Pierre Sparr Pinot Blanc 2001
About the Region
The only French wine region that traditionally labels the majority of its releases with varietal grape names, Alsace, borders Germany and a bit of Switzerland in northeastern France, and a local variant on the German language is widely spoken. The majority of Alsatian wines are white, based most of all on riesling or gewürztraminer, with pinot gris and auxerrois blanc (a chardonnay relative) close behind. Other white wine varieties here include sylvaner, pinot blanc, three kinds of muscat, chasselas, savignin, and chardonnay.
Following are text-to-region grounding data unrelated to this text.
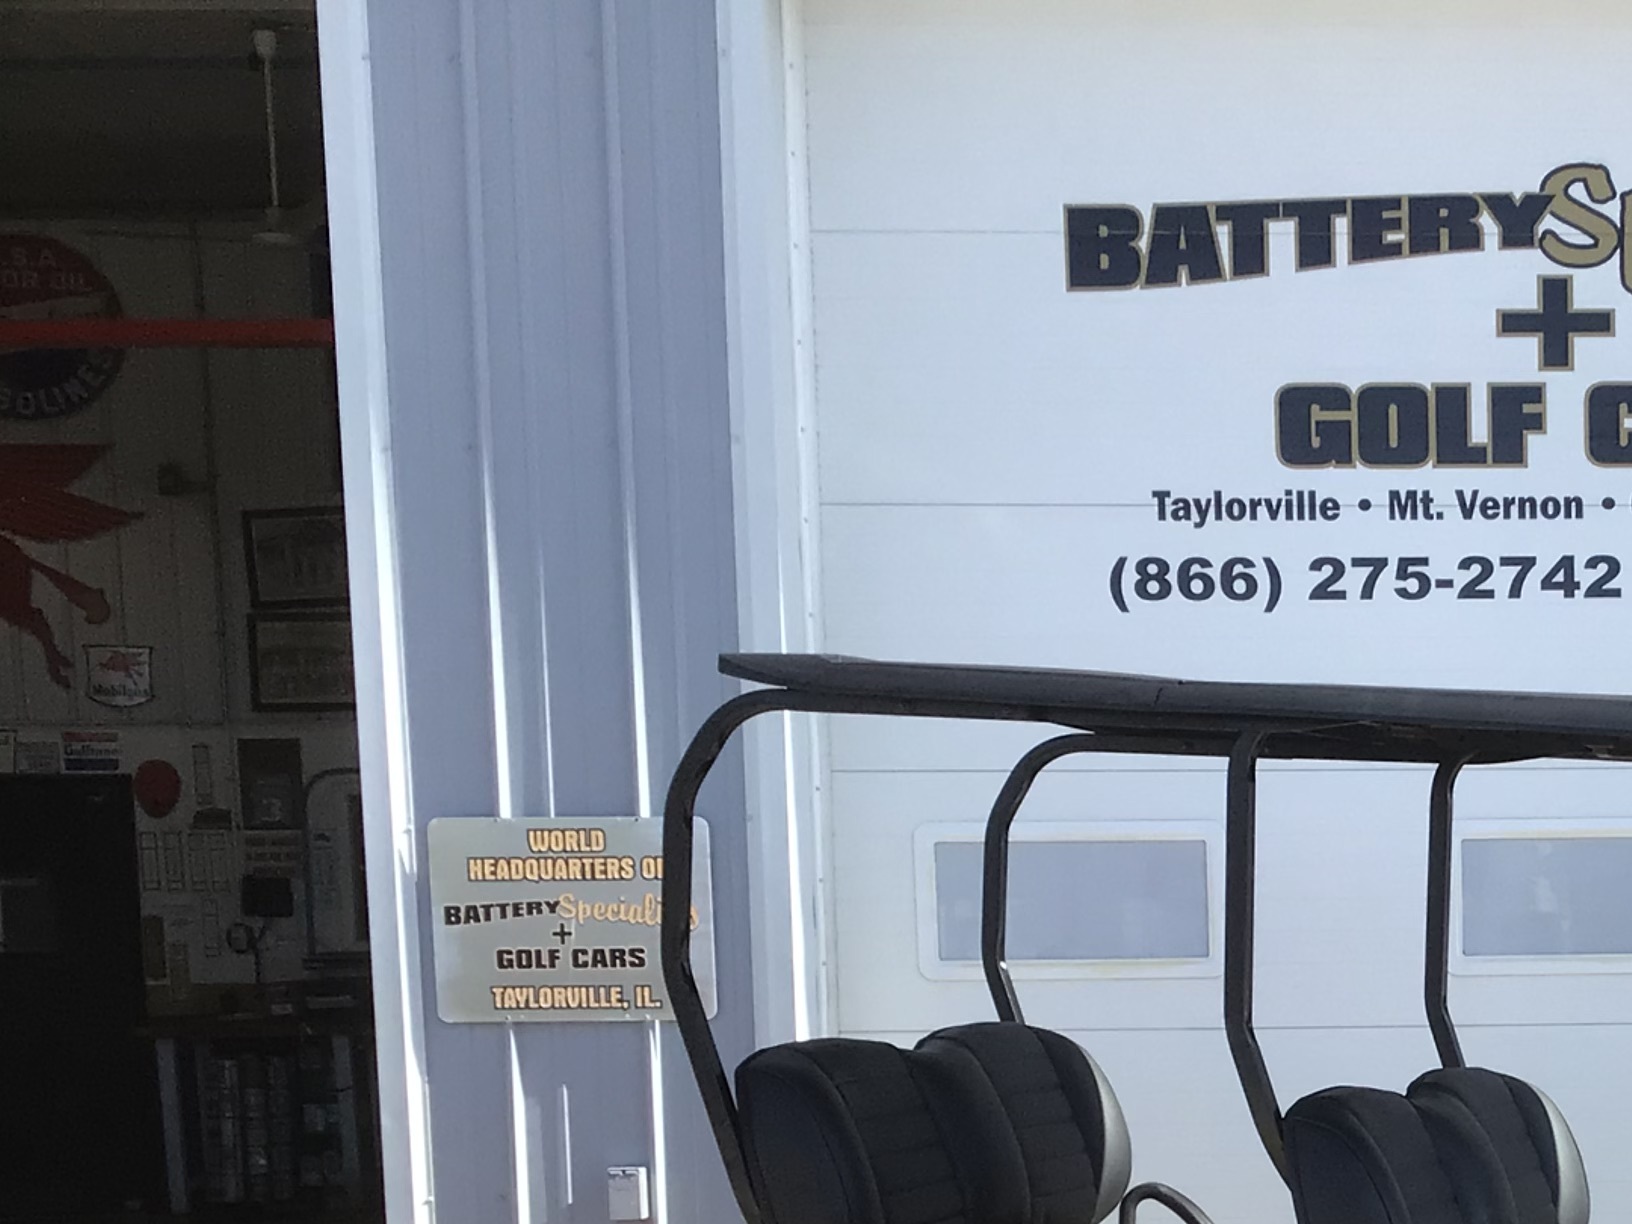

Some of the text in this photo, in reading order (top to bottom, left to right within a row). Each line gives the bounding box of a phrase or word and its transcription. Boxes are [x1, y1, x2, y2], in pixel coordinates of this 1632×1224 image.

[1063, 192, 1556, 292] BATTERY
[1274, 381, 1547, 469] GOLF
[1152, 489, 1341, 528] Taylorville
[1388, 489, 1444, 521] Mt.
[1456, 489, 1584, 521] Vernon
[1109, 556, 1282, 613] (866)
[1308, 554, 1623, 601] 275-2742
[527, 828, 606, 852] WORLD
[466, 855, 635, 883] HEADQUARTERS
[443, 900, 562, 926] BATTERY
[496, 947, 646, 969] GOLF CARS
[490, 985, 662, 1010] TAYLORVILLE, IL.
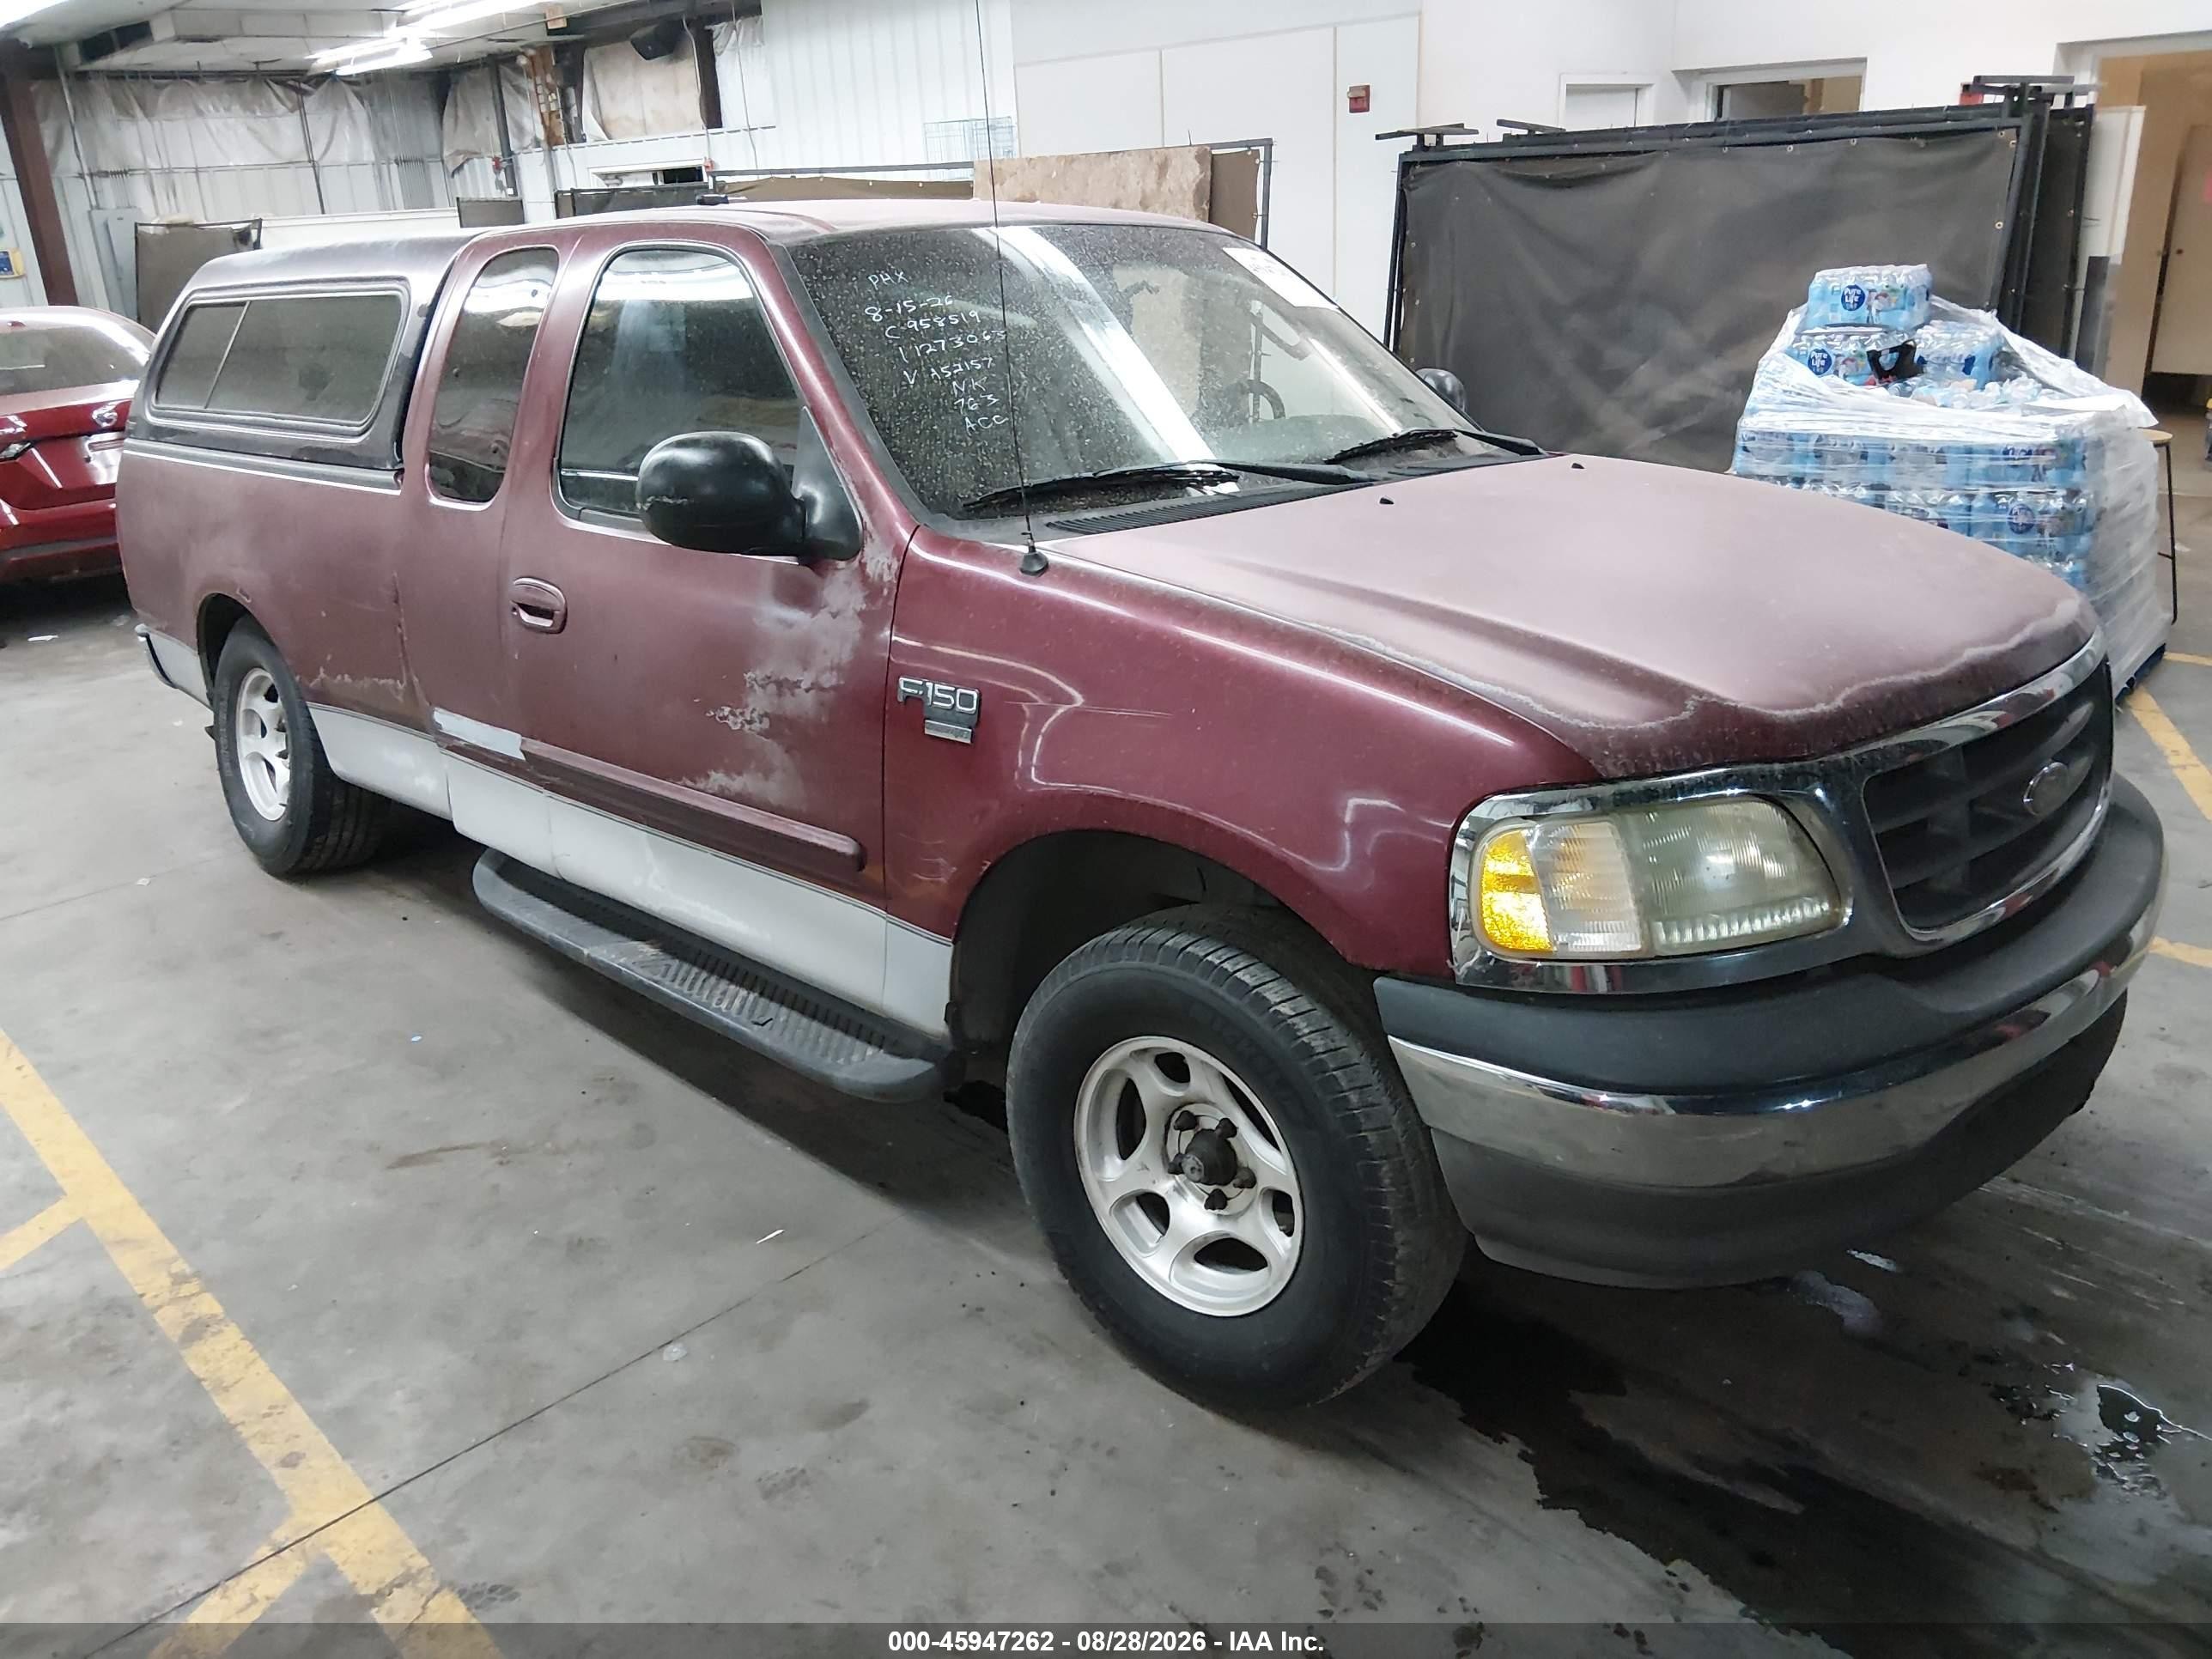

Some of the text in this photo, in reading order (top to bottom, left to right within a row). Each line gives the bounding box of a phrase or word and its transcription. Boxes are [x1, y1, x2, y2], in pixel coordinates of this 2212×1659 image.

Rosé and light-bodied but aromatic red wines are produced from pinot noir, and there is pleasant sparkling wine, labeled crémant d'Alsace, which may include riesling, pinot blanc, pinot noir, pinot gris, auxerrois blanc, and/or chardonnay, with a rosé version made from pinot noir. Alsatian whites are known for their structure and acidity, their aromatic qualities, and their vivid expression of varietal fruit. Sweet wines, labeled vendange tardive (late harvest) and sélection de grains nobles (selection of noble berries, i.e., those affected with "noble rot" like sauternes or many German sweet wines) — the later sweeter — are made from riesling, gewürztraminer, muscat, and pinot gris.